### DATA SUPPLIED
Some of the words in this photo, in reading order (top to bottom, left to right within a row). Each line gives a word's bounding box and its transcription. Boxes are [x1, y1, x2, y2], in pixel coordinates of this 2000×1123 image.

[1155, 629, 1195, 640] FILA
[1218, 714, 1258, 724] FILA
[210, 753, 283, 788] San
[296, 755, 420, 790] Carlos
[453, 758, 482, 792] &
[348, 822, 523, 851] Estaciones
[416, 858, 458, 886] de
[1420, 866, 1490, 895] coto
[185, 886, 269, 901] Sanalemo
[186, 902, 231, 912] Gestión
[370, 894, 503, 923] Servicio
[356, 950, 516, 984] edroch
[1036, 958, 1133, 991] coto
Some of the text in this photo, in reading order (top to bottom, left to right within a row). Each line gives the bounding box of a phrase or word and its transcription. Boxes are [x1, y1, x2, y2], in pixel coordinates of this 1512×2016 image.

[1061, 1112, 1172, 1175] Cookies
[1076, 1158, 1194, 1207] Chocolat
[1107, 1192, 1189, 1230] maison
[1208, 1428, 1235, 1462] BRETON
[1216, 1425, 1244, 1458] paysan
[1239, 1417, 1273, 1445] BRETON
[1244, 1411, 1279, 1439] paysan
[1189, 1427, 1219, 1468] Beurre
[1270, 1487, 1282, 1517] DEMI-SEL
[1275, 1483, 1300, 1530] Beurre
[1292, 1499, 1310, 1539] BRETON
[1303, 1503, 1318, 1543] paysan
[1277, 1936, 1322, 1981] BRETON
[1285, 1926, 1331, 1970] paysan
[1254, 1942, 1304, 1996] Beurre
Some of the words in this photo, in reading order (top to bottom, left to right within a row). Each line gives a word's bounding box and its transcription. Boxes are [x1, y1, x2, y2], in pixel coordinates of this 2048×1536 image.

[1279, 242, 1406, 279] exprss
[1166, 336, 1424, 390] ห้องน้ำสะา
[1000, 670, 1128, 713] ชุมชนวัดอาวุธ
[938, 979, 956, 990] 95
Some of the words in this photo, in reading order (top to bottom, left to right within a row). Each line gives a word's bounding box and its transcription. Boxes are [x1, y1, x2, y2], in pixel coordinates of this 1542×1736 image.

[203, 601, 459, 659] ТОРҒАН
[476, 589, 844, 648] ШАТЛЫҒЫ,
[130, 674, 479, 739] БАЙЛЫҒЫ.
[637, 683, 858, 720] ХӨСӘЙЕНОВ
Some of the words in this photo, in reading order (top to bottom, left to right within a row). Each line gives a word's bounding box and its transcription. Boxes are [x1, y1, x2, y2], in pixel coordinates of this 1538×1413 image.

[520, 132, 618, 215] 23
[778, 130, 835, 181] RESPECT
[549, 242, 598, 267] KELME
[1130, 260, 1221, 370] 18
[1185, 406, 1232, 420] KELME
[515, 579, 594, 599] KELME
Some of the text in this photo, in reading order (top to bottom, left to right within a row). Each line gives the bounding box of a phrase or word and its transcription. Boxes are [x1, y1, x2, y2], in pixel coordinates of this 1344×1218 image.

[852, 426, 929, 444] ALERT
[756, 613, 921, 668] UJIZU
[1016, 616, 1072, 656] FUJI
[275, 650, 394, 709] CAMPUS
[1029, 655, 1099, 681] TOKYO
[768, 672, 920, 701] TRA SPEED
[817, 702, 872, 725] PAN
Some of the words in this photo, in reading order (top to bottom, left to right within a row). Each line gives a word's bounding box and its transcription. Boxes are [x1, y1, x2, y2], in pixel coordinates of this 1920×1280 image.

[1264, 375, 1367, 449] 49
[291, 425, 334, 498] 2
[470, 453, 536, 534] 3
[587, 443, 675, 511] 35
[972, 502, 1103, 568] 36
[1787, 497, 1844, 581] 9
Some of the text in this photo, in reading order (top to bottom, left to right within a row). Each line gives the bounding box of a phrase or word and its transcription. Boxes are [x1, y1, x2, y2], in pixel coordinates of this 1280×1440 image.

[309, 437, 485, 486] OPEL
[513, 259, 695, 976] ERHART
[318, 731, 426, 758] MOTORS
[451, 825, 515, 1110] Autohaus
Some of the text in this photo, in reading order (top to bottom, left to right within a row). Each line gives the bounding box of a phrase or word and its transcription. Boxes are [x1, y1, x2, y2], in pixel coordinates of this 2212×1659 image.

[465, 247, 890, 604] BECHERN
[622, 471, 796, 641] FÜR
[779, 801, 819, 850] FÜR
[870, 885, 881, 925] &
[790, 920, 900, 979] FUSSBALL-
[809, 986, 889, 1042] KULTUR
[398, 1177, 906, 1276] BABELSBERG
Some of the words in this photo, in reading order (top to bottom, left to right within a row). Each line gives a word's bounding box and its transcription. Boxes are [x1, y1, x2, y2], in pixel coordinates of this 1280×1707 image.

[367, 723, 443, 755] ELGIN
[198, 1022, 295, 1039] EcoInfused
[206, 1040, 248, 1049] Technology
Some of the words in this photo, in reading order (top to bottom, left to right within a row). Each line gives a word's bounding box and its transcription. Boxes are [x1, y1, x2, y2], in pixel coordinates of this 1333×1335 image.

### TASK ITEM
An accurate, complete transcription of the records above is needed.

### REPLY TO THE EXERCISE
Some of the words in this photo, in reading order (top to bottom, left to right within a row). Each line gives a word's bounding box and its transcription. Boxes are [x1, y1, x2, y2], in pixel coordinates of this 2000×1123 image.

[1155, 629, 1195, 640] FILA
[1218, 714, 1258, 724] FILA
[210, 753, 283, 788] San
[296, 755, 420, 790] Carlos
[453, 758, 482, 792] &
[348, 822, 523, 851] Estaciones
[416, 858, 458, 886] de
[1420, 866, 1490, 895] coto
[185, 886, 269, 901] Sanalemo
[186, 902, 231, 912] Gestión
[370, 894, 503, 923] Servicio
[356, 950, 516, 984] edroch
[1036, 958, 1133, 991] coto
Some of the text in this photo, in reading order (top to bottom, left to right within a row). Each line gives the bounding box of a phrase or word and its transcription. Boxes are [x1, y1, x2, y2], in pixel coordinates of this 1512×2016 image.

[1061, 1112, 1172, 1175] Cookies
[1076, 1158, 1194, 1207] Chocolat
[1107, 1192, 1189, 1230] maison
[1208, 1428, 1235, 1462] BRETON
[1216, 1425, 1244, 1458] paysan
[1239, 1417, 1273, 1445] BRETON
[1244, 1411, 1279, 1439] paysan
[1189, 1427, 1219, 1468] Beurre
[1270, 1487, 1282, 1517] DEMI-SEL
[1275, 1483, 1300, 1530] Beurre
[1292, 1499, 1310, 1539] BRETON
[1303, 1503, 1318, 1543] paysan
[1277, 1936, 1322, 1981] BRETON
[1285, 1926, 1331, 1970] paysan
[1254, 1942, 1304, 1996] Beurre
Some of the words in this photo, in reading order (top to bottom, left to right within a row). Each line gives a word's bounding box and its transcription. Boxes are [x1, y1, x2, y2], in pixel coordinates of this 2048×1536 image.

[1279, 242, 1406, 279] exprss
[1166, 336, 1424, 390] ห้องน้ำสะา
[1000, 670, 1128, 713] ชุมชนวัดอาวุธ
[938, 979, 956, 990] 95
Some of the words in this photo, in reading order (top to bottom, left to right within a row). Each line gives a word's bounding box and its transcription. Boxes are [x1, y1, x2, y2], in pixel coordinates of this 1542×1736 image.

[203, 601, 459, 659] ТОРҒАН
[476, 589, 844, 648] ШАТЛЫҒЫ,
[130, 674, 479, 739] БАЙЛЫҒЫ.
[637, 683, 858, 720] ХӨСӘЙЕНОВ
Some of the words in this photo, in reading order (top to bottom, left to right within a row). Each line gives a word's bounding box and its transcription. Boxes are [x1, y1, x2, y2], in pixel coordinates of this 1538×1413 image.

[520, 132, 618, 215] 23
[778, 130, 835, 181] RESPECT
[549, 242, 598, 267] KELME
[1130, 260, 1221, 370] 18
[1185, 406, 1232, 420] KELME
[515, 579, 594, 599] KELME
Some of the text in this photo, in reading order (top to bottom, left to right within a row). Each line gives the bounding box of a phrase or word and its transcription. Boxes are [x1, y1, x2, y2], in pixel coordinates of this 1344×1218 image.

[852, 426, 929, 444] ALERT
[756, 613, 921, 668] UJIZU
[1016, 616, 1072, 656] FUJI
[275, 650, 394, 709] CAMPUS
[1029, 655, 1099, 681] TOKYO
[768, 672, 920, 701] TRA SPEED
[817, 702, 872, 725] PAN
Some of the words in this photo, in reading order (top to bottom, left to right within a row). Each line gives a word's bounding box and its transcription. Boxes are [x1, y1, x2, y2], in pixel coordinates of this 1920×1280 image.

[1264, 375, 1367, 449] 49
[291, 425, 334, 498] 2
[470, 453, 536, 534] 3
[587, 443, 675, 511] 35
[972, 502, 1103, 568] 36
[1787, 497, 1844, 581] 9
Some of the text in this photo, in reading order (top to bottom, left to right within a row). Each line gives the bounding box of a phrase or word and its transcription. Boxes are [x1, y1, x2, y2], in pixel coordinates of this 1280×1440 image.

[309, 437, 485, 486] OPEL
[513, 259, 695, 976] ERHART
[318, 731, 426, 758] MOTORS
[451, 825, 515, 1110] Autohaus
Some of the text in this photo, in reading order (top to bottom, left to right within a row). Each line gives the bounding box of a phrase or word and its transcription. Boxes are [x1, y1, x2, y2], in pixel coordinates of this 2212×1659 image.

[465, 247, 890, 604] BECHERN
[622, 471, 796, 641] FÜR
[779, 801, 819, 850] FÜR
[870, 885, 881, 925] &
[790, 920, 900, 979] FUSSBALL-
[809, 986, 889, 1042] KULTUR
[398, 1177, 906, 1276] BABELSBERG
Some of the words in this photo, in reading order (top to bottom, left to right within a row). Each line gives a word's bounding box and its transcription. Boxes are [x1, y1, x2, y2], in pixel coordinates of this 1280×1707 image.

[367, 723, 443, 755] ELGIN
[198, 1022, 295, 1039] EcoInfused
[206, 1040, 248, 1049] Technology
Some of the words in this photo, in reading order (top to bottom, left to right within a row). Each line gives a word's bounding box and its transcription. Boxes are [x1, y1, x2, y2], in pixel coordinates of this 1333×1335 image.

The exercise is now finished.